PORRENTRUY, Switzerland – It took some time but after three hours of play HC Ajoie’s Thibault Frossard hit the back of the net and with the 46th penalty shot of the shootout HC La Chaux-de-Fonds’ Anthony Huguenin missed his chance to tie the game again.

Ajoie won the game of Switzerland’s second-tier National League B 3-2 on home ice in front of 2,215 ecstatic fans in a derby between two small-town teams from the Jura mountain range, and against the league leader.

The game took place in Porrentruy, the biggest town of the Ajoie region, a Swiss bridgehead surrounded by France on one side and the Jura mountain range on the other connected to the rest of Switzerland through the Col de la Croix pass and later a railway and highway tunnel.

Less than 7,000 people live in the town that has a wild boar in its coat of arms and a wyvern, a dragon-like mythological creature, in the logo of HC Ajoie, the local hockey club and most famous institution of the region. It’s usually quiet in the area unless the club plays at its ice rink located in a chilly, barn-like building the club hopes to replace with a newer structure in the next few years.

Its location outside of the town and next to watchmakers and a Lamborghini car dealership may be a bit misleading. The club has the image of a workers’ club with a French-Canadian history of coaches and import players, and with an ice rink visiting teams know it’s not easy to win even though the last three home games ended with one-goal losses for the Ajoulots.

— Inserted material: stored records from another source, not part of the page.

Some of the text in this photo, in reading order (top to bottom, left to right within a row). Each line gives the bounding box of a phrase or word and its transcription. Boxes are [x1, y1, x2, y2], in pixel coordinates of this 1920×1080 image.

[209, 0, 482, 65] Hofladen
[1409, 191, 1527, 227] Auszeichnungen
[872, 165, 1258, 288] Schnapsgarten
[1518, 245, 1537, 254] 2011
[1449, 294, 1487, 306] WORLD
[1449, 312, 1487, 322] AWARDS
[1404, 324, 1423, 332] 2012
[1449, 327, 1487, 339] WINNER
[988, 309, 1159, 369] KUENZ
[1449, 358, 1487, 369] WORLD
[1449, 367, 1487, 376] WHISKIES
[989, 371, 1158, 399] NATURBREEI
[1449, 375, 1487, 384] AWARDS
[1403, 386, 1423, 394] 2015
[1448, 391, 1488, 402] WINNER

La Chaux-de-Fonds gave it a try and was leading 2-0 after goals from Devin Muller and Laurent Meunier, a French national team forward who obtained Swiss citizenship a few days before the game. But Ajoie came back with two third-period goals from its Canadian players Jonathan Hazen and Anthony Verret, the game-tying goal coming with 63 seconds left in regulation time.

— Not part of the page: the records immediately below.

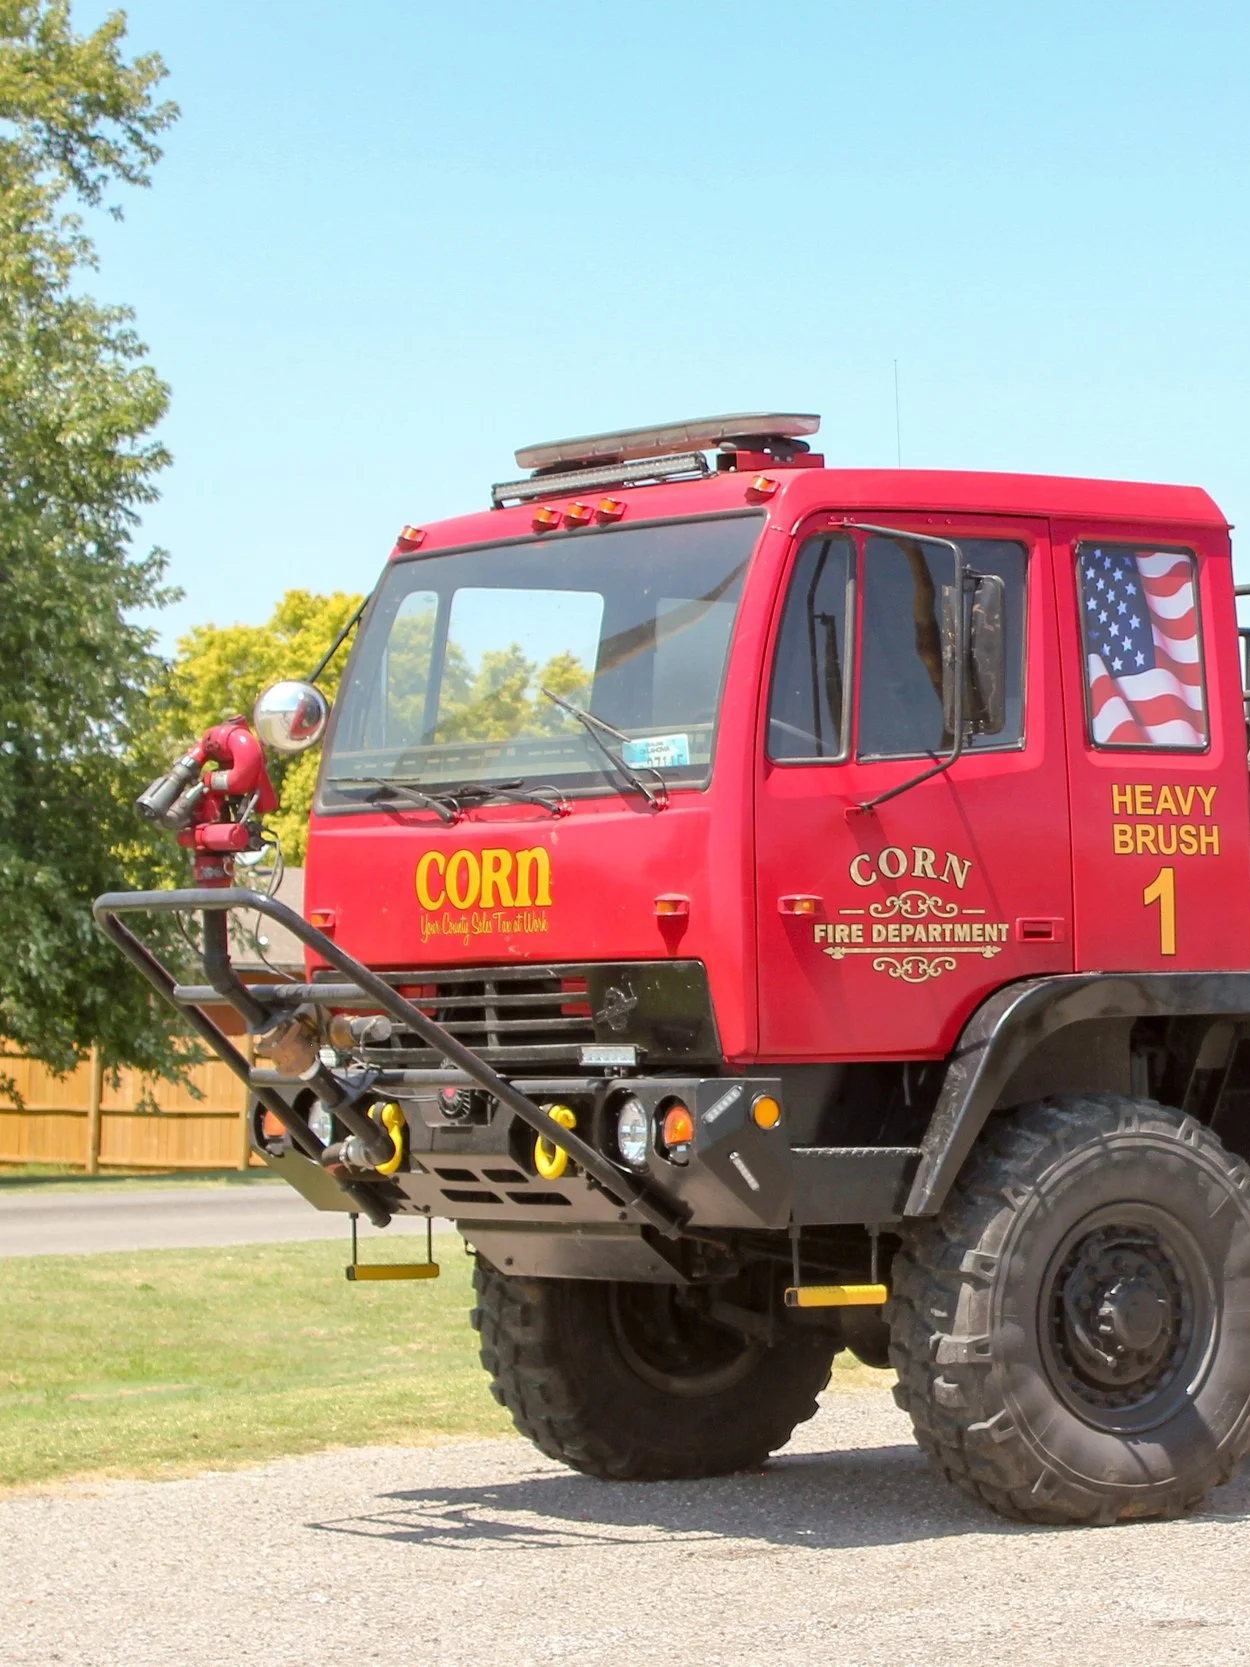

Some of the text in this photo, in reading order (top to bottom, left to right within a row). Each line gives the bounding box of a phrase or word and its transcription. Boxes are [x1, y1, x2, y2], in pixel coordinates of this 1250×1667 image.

[1111, 783, 1218, 816] HEAVY
[1112, 823, 1220, 855] BRUSH
[849, 845, 973, 890] CORN
[420, 909, 549, 947] Your County Sales Tax at Work
[1143, 866, 1176, 956] 1
[813, 923, 1010, 943] FIRE DEPARTMENT
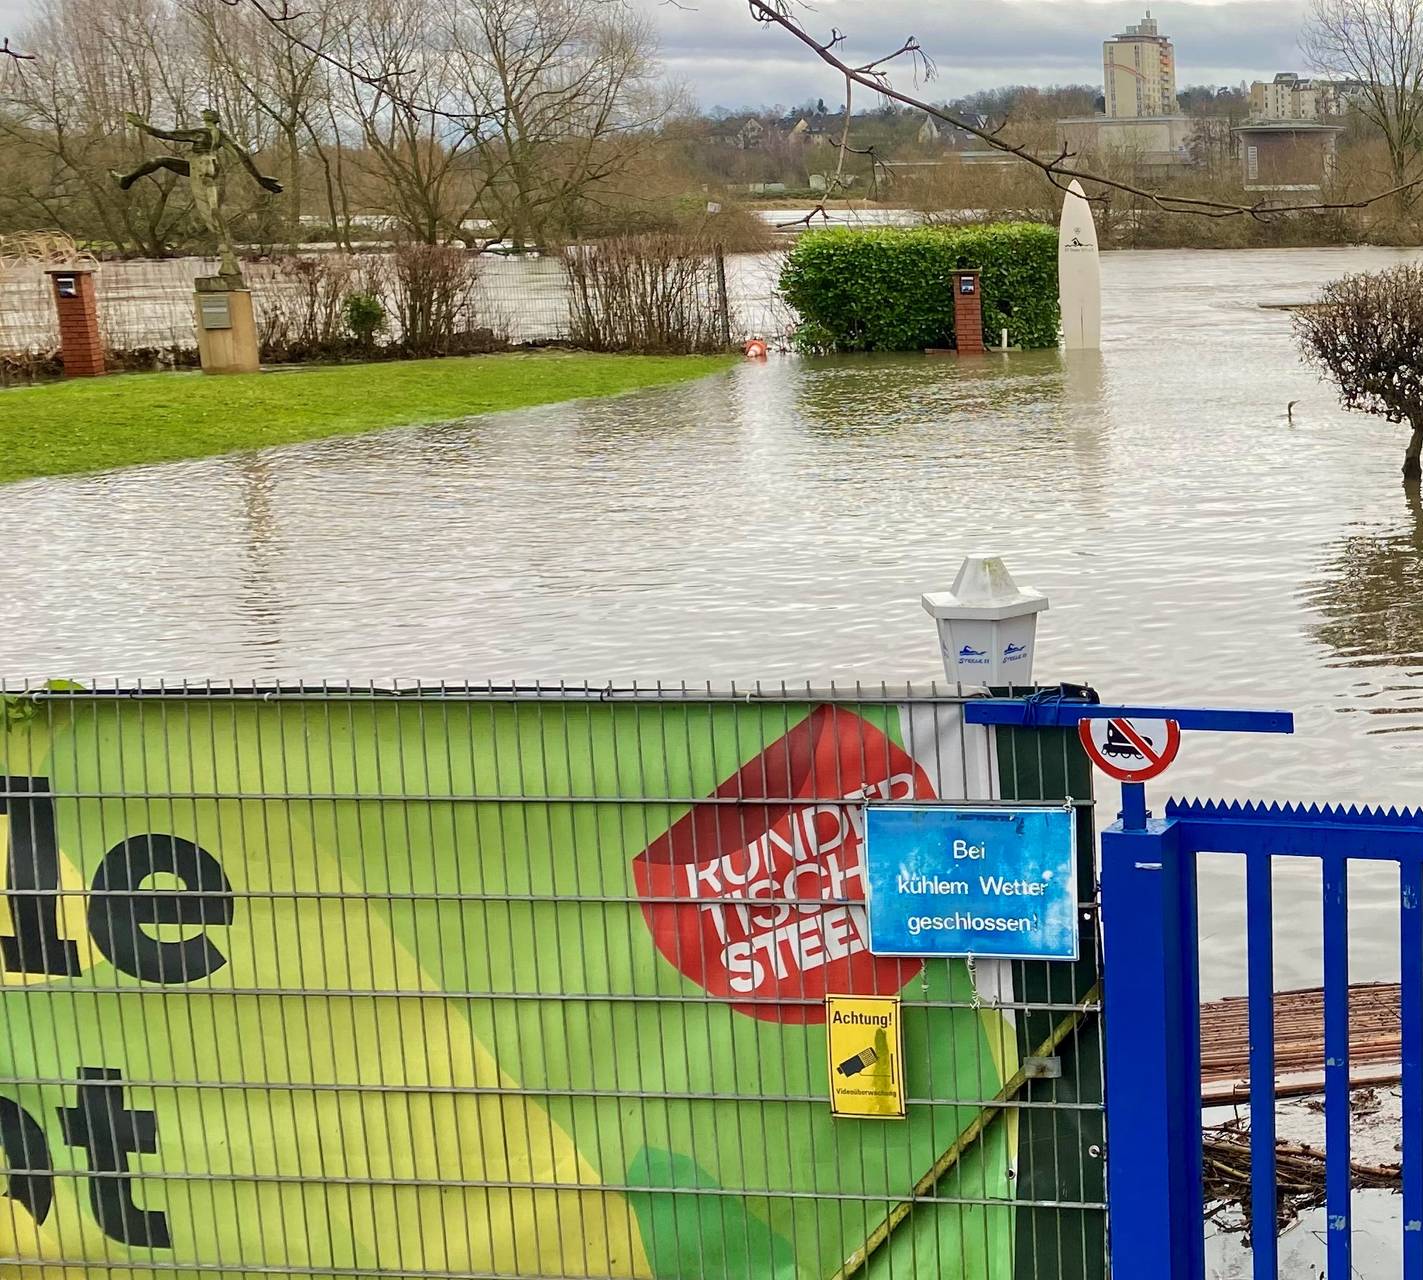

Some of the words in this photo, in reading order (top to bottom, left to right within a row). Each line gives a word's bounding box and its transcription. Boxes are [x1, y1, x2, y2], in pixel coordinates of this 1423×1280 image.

[953, 839, 985, 860] Bei
[701, 843, 868, 945] TISCH
[898, 875, 969, 895] kühlem
[979, 876, 1049, 896] Wetter
[832, 1010, 893, 1029] Achtung!

In the first five rounds of the shootout Ajoie tied La Chaux-de-Fonds twice. 12 scoreless tie-breaking rounds followed before Ajoie’s Simon Barbero hit the back of the net but Patrick Zubler tied it for La Chaux-de-Fonds. After another four scoreless rounds it was Frossard who scored the shootout winner with the 45th attempt.

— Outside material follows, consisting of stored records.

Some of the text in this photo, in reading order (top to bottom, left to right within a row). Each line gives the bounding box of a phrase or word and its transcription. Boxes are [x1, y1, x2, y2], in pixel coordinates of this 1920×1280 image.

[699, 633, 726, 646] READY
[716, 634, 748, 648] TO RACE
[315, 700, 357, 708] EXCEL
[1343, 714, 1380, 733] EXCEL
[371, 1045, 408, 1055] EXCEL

The shootout broke an old Swiss record with 28 shots and is believed to be the longest ever in a men’s hockey game and in professional hockey worldwide. In 2010 a game in the top German league DEL between EHC Munchen and the Straubing Tigers ended after 42 shots. In 2014 the Florida Panthers won a shootout in the NHL against the Washington Capitals that was decided after 40 shots.

The longest shootouts in hockey were registered recently in women’s hockey. In January Memmingen beat Bergkamen after a 54-shot shootout in the top German women’s hockey league. And on 15 February 2015 AIK Stockholm’s Emmy Alasalmi scored with the 56th shot to lead her team to a victory at Brynas Gavle in the Swedish women’s hockey league.